START INFORMATION SHOWN

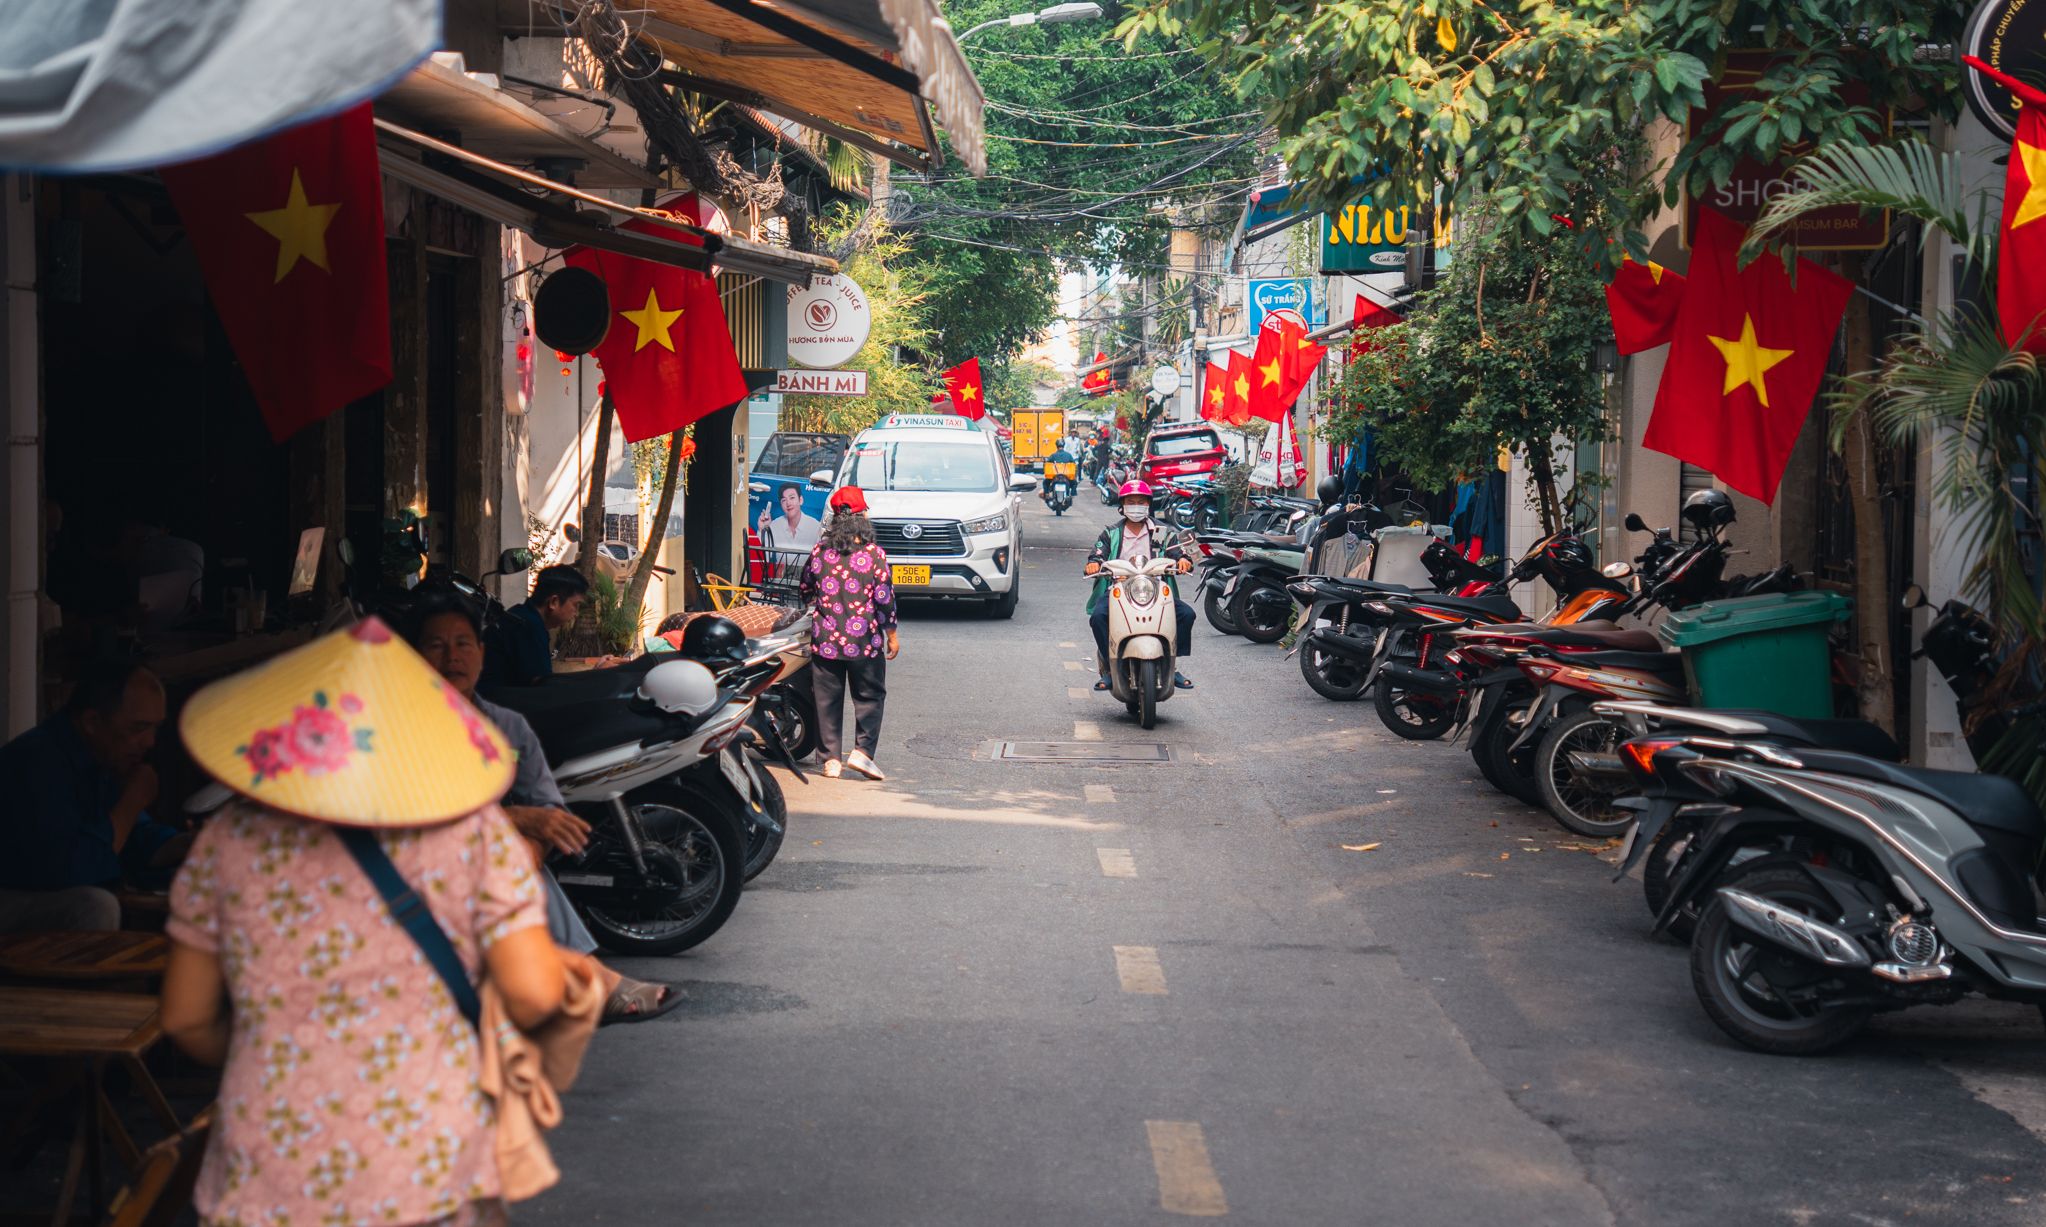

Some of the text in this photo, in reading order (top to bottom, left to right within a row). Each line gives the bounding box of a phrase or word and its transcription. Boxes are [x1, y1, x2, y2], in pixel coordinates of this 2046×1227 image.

[1834, 218, 1858, 230] BAR
[815, 276, 833, 287] TEA
[840, 286, 862, 311] JUICE
[778, 371, 857, 392] BÁNH MÌ
[904, 417, 962, 427] VINASUN TAXI
[903, 567, 919, 575] 50E
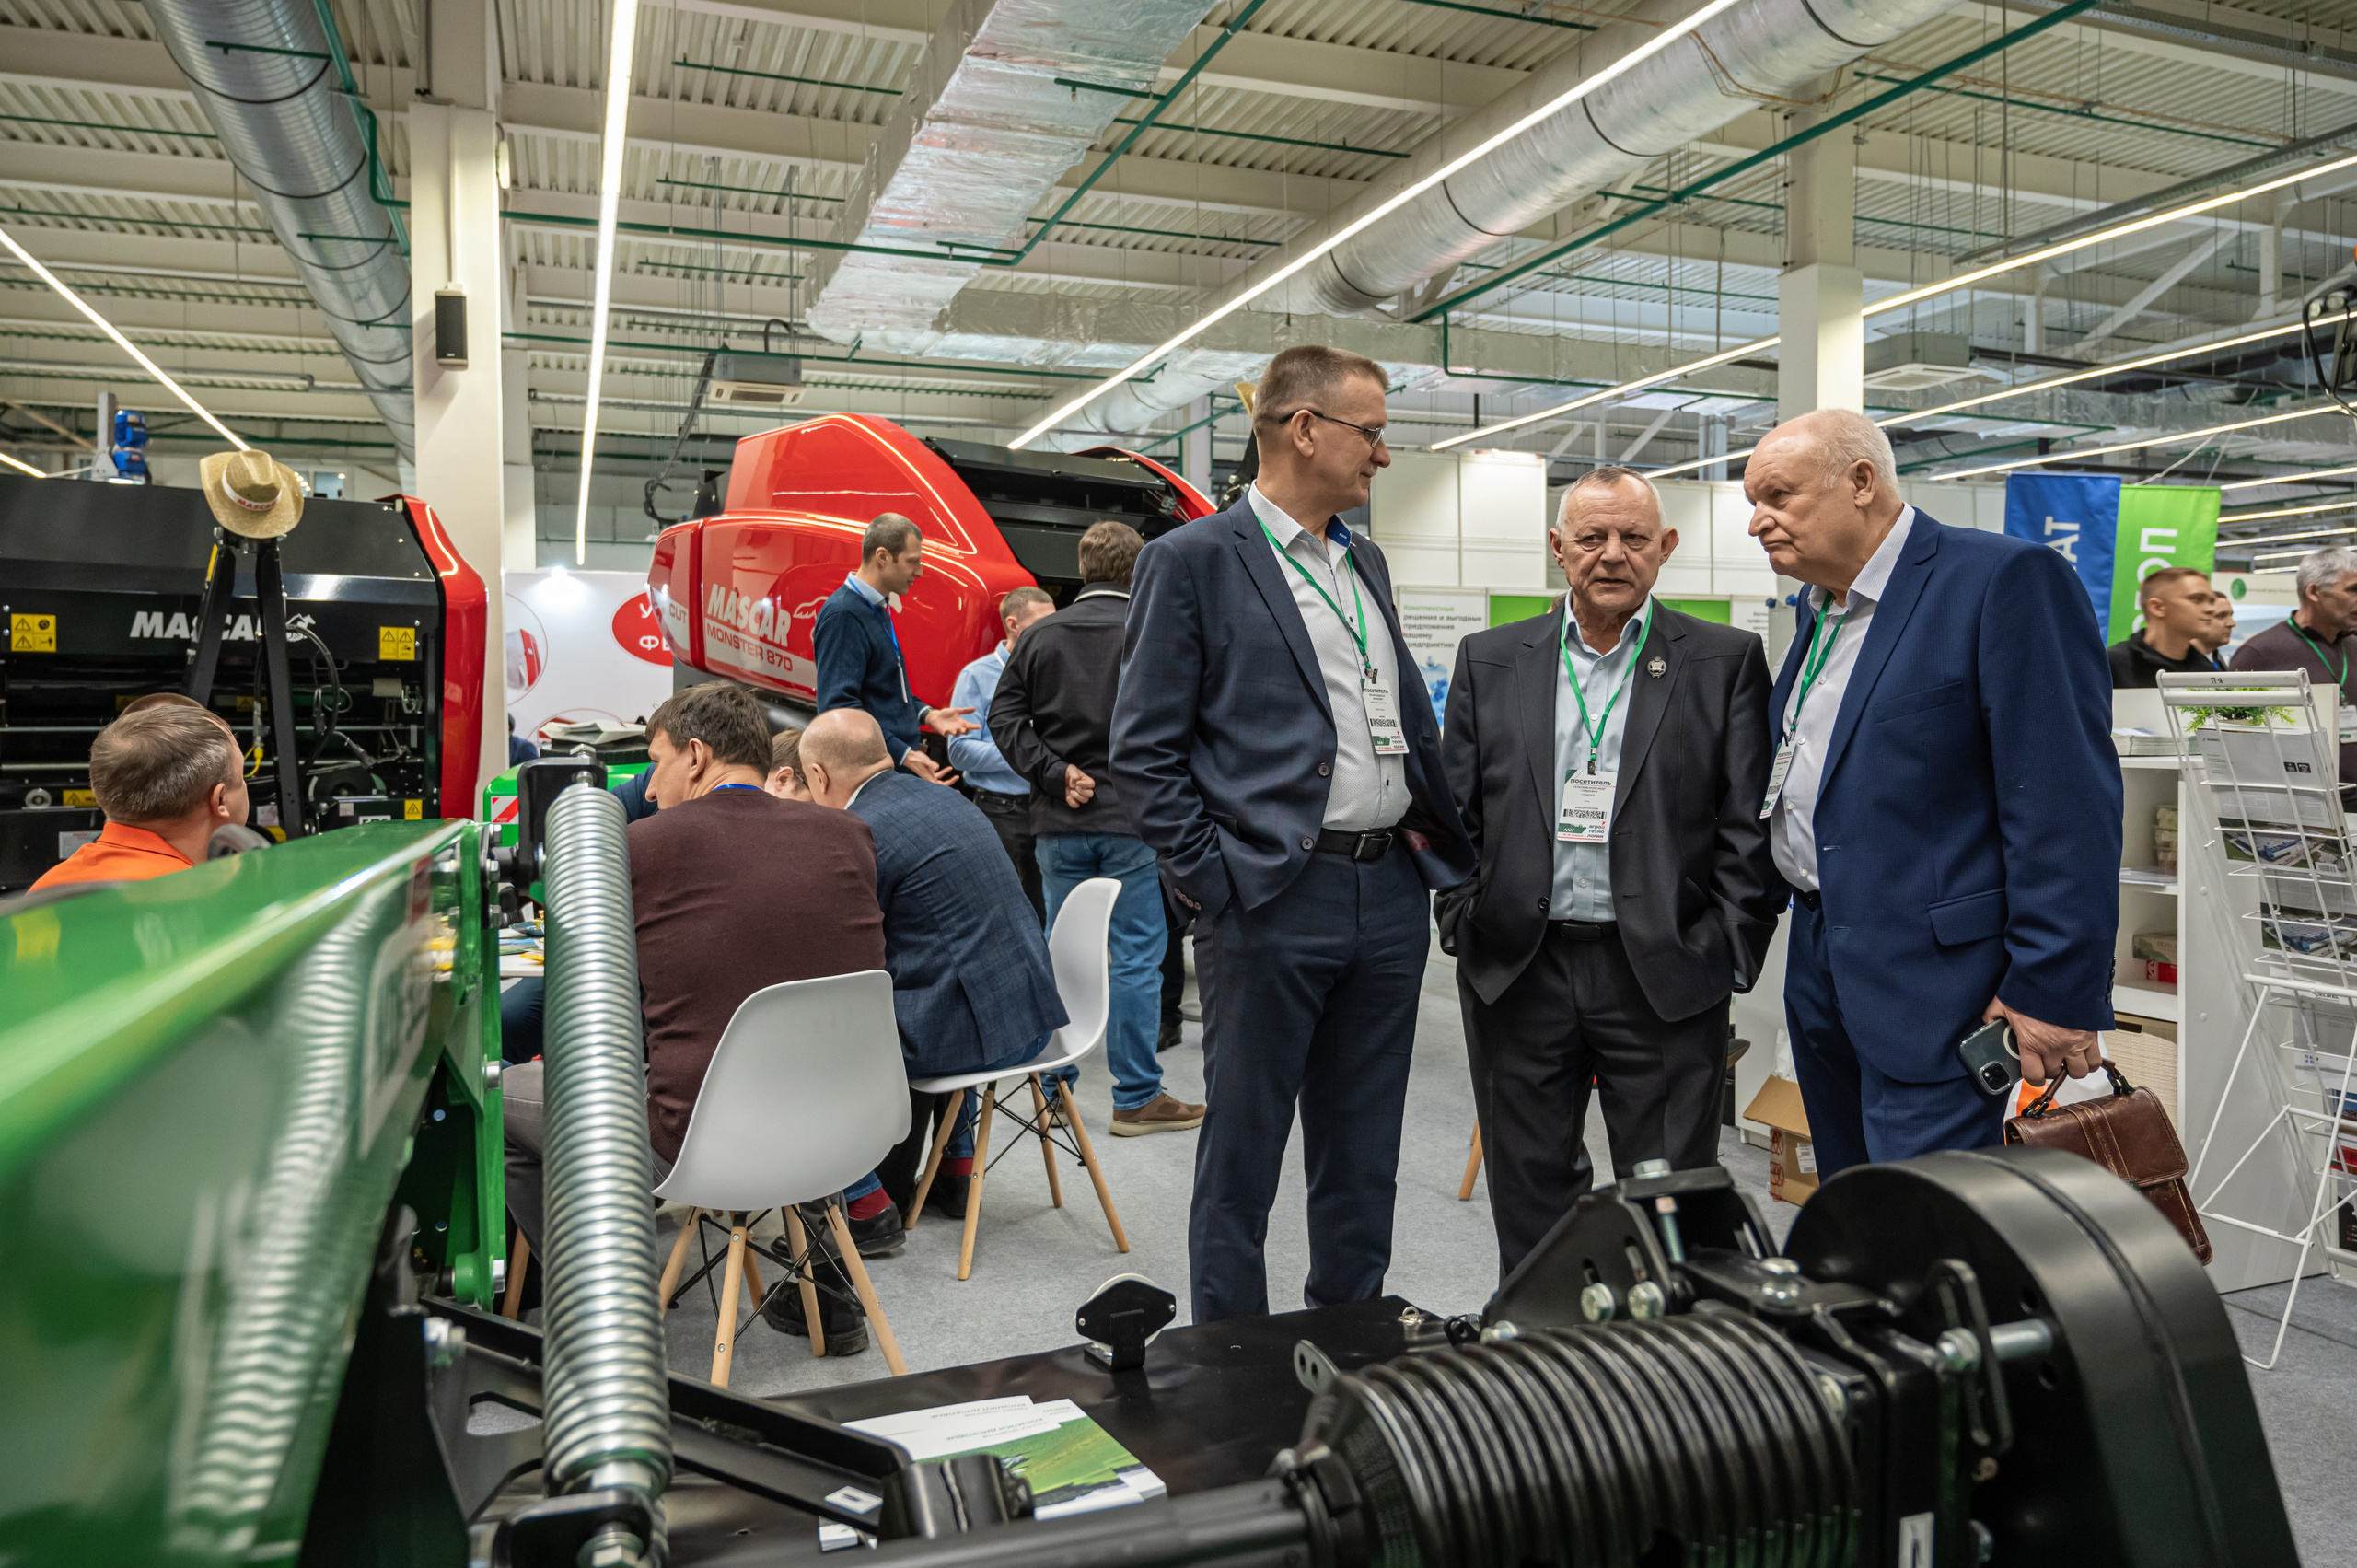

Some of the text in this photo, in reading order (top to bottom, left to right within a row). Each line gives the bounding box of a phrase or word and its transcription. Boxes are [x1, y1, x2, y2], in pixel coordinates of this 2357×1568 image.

END INFORMATION SHOWN

TASK
Transcribe the data verbatim. No picture belongs in the result.

WRITTEN RESPONSE
Some of the text in this photo, in reading order (top to bottom, left to right within a row). Each line gives the bounding box of a phrase or word and its transcription. Boxes are [x1, y1, x2, y2], in pixel coordinates of this 2046×1227 image.

[1834, 218, 1858, 230] BAR
[815, 276, 833, 287] TEA
[840, 286, 862, 311] JUICE
[778, 371, 857, 392] BÁNH MÌ
[904, 417, 962, 427] VINASUN TAXI
[903, 567, 919, 575] 50E

Some of the text in this photo, in reading order (top to bottom, left to right within a row). Each line gives the bounding box of a phrase or word and its transcription. Boxes are [x1, y1, x2, y2], in pixel coordinates of this 2357×1568 image.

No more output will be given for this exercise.